Model 1 unadjusted; model 2 was adjusted for age and sex; model 3 was adjusted for age, sex, HbA1c, triglycerides, white blood cell count, and CRP (or BMI).

FAI, fat attenuation index; BMI, body mass index; SM, skeletal muscle; SAT, subcutaneous adipose tissue; VAT, visceral adipose tissue; EAT, epicardial adipose tissue; IMAT, intermuscular adipose tissue; FMF, fatty muscle fraction; HbA1c, glycated Haemoglobin A1c, CRP, C-reactive protein.

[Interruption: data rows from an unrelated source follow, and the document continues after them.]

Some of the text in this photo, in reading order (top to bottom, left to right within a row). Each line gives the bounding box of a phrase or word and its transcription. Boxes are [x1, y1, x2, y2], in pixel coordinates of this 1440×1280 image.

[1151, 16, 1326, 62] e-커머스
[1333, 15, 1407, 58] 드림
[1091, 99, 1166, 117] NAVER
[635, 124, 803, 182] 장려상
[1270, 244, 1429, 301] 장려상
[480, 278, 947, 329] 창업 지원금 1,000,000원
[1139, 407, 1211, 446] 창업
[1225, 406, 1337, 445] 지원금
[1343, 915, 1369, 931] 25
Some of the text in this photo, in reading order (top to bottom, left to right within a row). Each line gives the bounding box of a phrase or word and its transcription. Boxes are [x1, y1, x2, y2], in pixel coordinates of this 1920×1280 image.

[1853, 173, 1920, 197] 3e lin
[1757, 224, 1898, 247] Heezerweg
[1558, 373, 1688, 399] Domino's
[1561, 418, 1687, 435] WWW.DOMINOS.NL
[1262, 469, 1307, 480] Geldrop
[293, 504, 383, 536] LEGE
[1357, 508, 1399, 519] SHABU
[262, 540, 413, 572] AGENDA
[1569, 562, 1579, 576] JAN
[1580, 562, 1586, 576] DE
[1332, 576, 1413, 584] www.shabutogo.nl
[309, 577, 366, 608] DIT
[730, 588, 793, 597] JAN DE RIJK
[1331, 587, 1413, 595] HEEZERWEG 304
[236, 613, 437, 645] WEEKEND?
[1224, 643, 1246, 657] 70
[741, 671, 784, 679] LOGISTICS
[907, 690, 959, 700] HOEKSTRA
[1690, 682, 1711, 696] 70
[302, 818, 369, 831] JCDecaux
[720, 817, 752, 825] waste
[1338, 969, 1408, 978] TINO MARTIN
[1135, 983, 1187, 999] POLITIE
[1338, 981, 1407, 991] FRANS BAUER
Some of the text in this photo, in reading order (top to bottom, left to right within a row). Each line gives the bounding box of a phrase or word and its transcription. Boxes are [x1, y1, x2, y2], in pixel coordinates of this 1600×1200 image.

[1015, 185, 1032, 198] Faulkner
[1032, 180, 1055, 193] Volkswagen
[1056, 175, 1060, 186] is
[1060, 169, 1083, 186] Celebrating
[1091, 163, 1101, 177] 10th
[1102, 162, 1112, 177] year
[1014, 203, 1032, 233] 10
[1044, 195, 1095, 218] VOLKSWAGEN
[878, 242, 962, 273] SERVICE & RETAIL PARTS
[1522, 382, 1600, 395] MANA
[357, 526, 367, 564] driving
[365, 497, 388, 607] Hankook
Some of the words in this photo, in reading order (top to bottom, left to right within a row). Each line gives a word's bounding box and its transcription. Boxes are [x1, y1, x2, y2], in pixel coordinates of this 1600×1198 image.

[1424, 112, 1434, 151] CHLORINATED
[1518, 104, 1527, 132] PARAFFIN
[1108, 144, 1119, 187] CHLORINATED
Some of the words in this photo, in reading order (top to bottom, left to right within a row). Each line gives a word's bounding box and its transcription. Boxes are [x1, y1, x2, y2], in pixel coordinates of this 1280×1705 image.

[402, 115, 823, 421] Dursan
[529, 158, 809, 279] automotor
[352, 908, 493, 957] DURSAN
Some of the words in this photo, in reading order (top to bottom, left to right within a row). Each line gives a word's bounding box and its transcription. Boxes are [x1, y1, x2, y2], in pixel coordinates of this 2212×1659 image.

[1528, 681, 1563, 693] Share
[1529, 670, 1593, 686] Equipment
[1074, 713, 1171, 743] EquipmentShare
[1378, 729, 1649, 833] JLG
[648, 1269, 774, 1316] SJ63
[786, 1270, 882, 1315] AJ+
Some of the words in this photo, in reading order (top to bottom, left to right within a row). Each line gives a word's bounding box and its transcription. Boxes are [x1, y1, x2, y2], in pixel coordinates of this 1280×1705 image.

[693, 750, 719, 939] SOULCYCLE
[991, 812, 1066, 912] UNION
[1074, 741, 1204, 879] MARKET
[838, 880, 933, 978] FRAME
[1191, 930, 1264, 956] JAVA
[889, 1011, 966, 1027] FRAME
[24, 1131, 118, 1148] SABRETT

In the fully adjusted model, we found that all variance inflation factors (VIFs) were below 2, indicating no significant multicollinearity (Supplementary Table S2). In the fully adjusted model (model 3), multivariable analysis revealed distinct associations of body composition metrics with both FAI and plaque characterization. A one-unit increase in BMI, SM or SAT was associated with a decrease in FAI ranging from 0.001 to 0.547 HU. In addition, a one-unit increase in VAT, EAT, IMAT or FMF was associated with a increase in FAI ranging from 0.005 to 0.075 HU. A one-unit increase in BMI, VAT, IMAT and FMF was associated a increase in lipid plauqe burden ranging from 0.004% to 0.063%. A one-unit increase in BMI was associated with a 0.909% increase in calcified plaque burden, whereas an equivalent increase in SM was linked to a 0.004% decrease. In the mediation analysis for BMI and plaque burden, SM showed significant mediation effects on the relationships between BMI and calcified plaque burden (Pm = −29.555%, total effect = 0.247, p = 0.021; direct effect = 0.320, p = 0.002; indirect effect = −0.073, 95% [CI] = −0.147 to −0.012), VAT showed significant mediation effects on the relationships between BMI and lipid plaque burden (Pm = 56.489%, total effect = 0.131, p＜0.001; direct effect = 0.057, p ＜ 0.001; indirect effect = 0.074, 95% [CI] = 0.021 to 0.168). The FAI also showed significant mediation effects on the relationship between VAT and lipid plaque burden (Pm = 40.426%, total effect = 0.005, p ＜ 0.001; direct effect = 0.003, p ＜ 0.001; indirect effect = 0.002, 95% [CI] = 0.001 to 0.003) as well as between IMAT and lipid plaque burden (Pm = 30.909%, total effect = 0.055, p ＜ 0.001; direct effect = 0.039, p ＜ 0.001; indirect effect = 0.017, 95% [CI] = 0.012 to 0.036) (Fig. 3).

Fig. 3.

Mediation analysis between body composition and plaque burden.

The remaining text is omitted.